At this point, do not panic, but just try to gently pull outward and down using a dry washcloth to get a good grip. The sac on a puppy is very slippery. As soon as the puppy is out, the mother should by instinct start to lick and tear at the sac around the face, eyes and nose. This is of most importance at this time. If the sac is not broken quickly, the puppy could smother to death. So if mom does not start this right away, just simply tear it with your fingers, and the puppy will begin to try and breathe. If mom does her job correctly she will continue to tumble the newborn around, licking and cleaning the sac completely off to stimulate the puppy to breathe. Again, if mom is too tired or for some reason her instincts do not kick in quick enough, you can begin to stimulate the puppy to breathe on its own by rubbing it briskly with your dry wash cloth, rub its back and shoulders, head, evey part you can get hold of and hopefully mom will also begin to cut the cord about this time and consume the placenta that should have arrived along with the whelp or shortly after. Mom does not always do this however, and I have seen mothers let their whelps lie with their placentas and cords attached until they deliver two or three other puppies, and then turn to eating the placenta and cutting the cords. As long as the puppy is out, the sac is broken and they are not struggling to breathe, and are breathing well on their own, it does not hurt anything for them to lie attached to the placenta until mom gets good and ready to return to that part of things.
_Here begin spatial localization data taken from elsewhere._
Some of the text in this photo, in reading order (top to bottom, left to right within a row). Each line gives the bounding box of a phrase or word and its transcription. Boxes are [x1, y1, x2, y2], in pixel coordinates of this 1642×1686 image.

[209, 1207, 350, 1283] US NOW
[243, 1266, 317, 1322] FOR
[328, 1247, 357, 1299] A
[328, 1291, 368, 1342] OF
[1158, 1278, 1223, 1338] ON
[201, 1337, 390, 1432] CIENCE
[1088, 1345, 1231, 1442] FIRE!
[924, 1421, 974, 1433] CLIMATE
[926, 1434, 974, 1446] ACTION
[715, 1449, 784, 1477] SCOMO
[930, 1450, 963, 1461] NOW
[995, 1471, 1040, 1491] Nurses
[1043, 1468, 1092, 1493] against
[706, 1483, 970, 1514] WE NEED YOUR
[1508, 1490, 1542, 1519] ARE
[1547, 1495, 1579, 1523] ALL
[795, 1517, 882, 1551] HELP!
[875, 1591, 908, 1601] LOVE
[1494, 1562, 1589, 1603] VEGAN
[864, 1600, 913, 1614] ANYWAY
I think sometimes mothers get distracted by the others that are trying to be born and they know if their previous whelps are out of the sac and breathing, sometimes even nursing with the placenta and cord attached, they are fine. If mother is doing her job correctly she will always stimulate them to breathe on their own as first course of action and leave the other things to another time if necessary.
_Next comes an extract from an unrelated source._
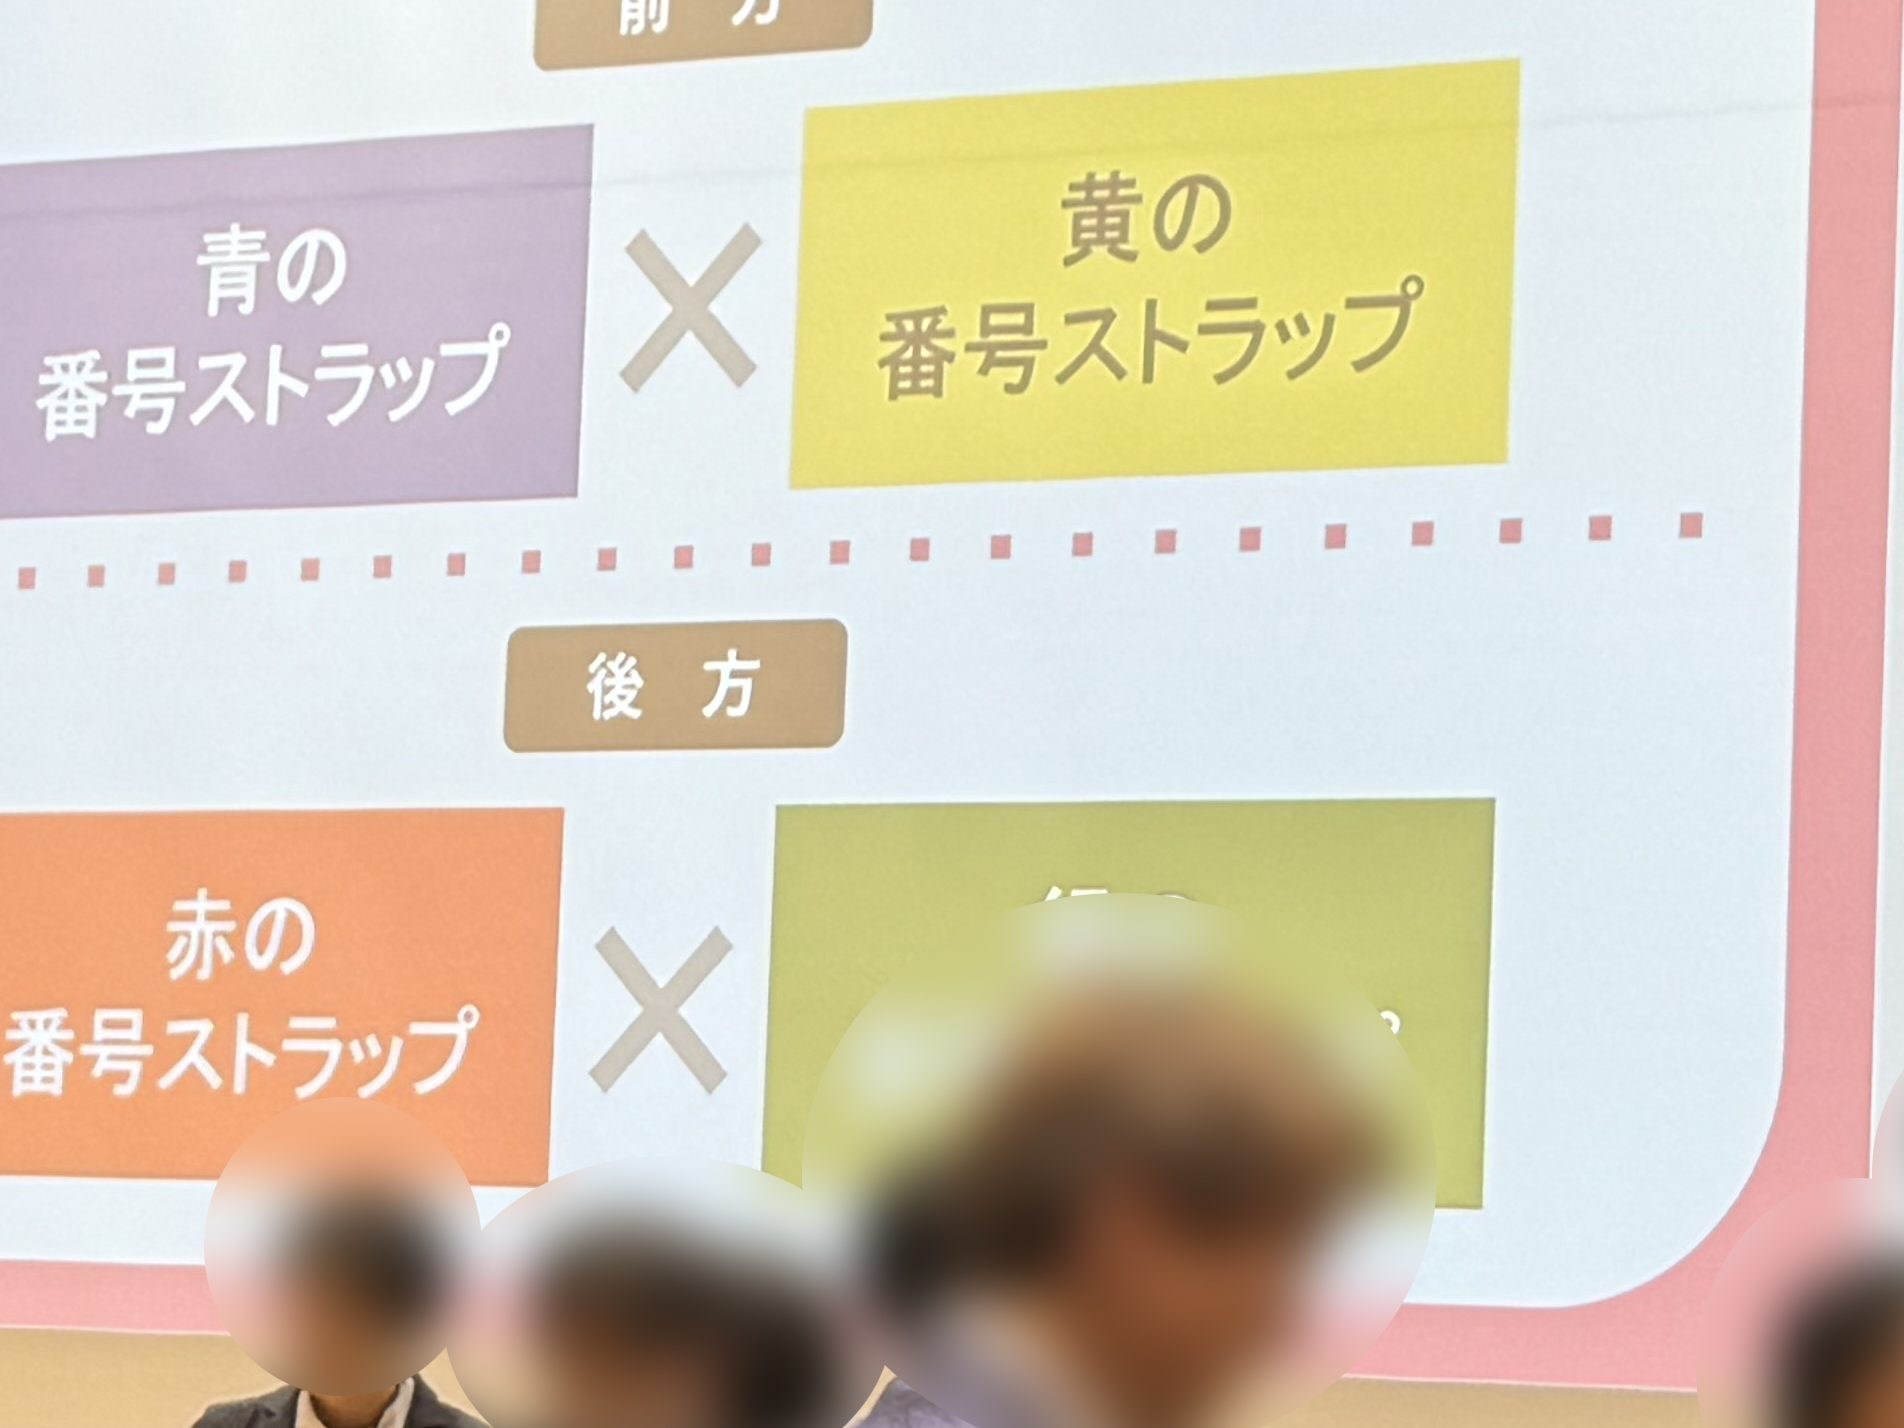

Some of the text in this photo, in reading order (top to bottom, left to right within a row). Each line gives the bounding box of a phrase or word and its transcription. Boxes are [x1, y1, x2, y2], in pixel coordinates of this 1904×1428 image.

She needs to deliver one placenta per puppy and you need to keep count. If she retains a placenta, it can cause infection, and you will need to take her to the vet for a shot to help her to expel the placenta. It is always a good idea to take your mom to the vet shortly after whelping to be sure she has not retained a placenta or even a dead puppy that will need to be expelled.
Anytime you leave newborn puppies or take their mother away for bathing or going to the vet, you will need to provide the puppy box with a heating pad and place a baby receiving blanket over the box to create a warm incubator. I learned this lesson the hard way. I took a mother from her babies just long enough to bath her and blow dry her, but never provided the newsborns with a heating pad, it was summertime even, and all those babies died within a day or two, they were doing fine before. I concluded they must have "chilled" while mom was gone. Mom will provide a lot of warmth for her newborns. She will wrap her body around them to warm them up, but you still need to use heating pads, and especially if you take mom from the box to tend to her for something. The number one cause of a newborn dying is becoming chilled. It is imperative to warm them up as quickly as possible and keep them warm.
Connie Limon has sinced written about articles on various topics from Careers and Job Hunting, Dogs and Colon Cleanse. Connie Limon is a shih tzu breeder. She publishes a FREE weekly newsletter. A professional newsletter with a focus upon health and wellness for you and your pets. Discounts are offered to subscribers. Sign up at:. Connie Limon's top article generates over 135000 views. to your Favourites.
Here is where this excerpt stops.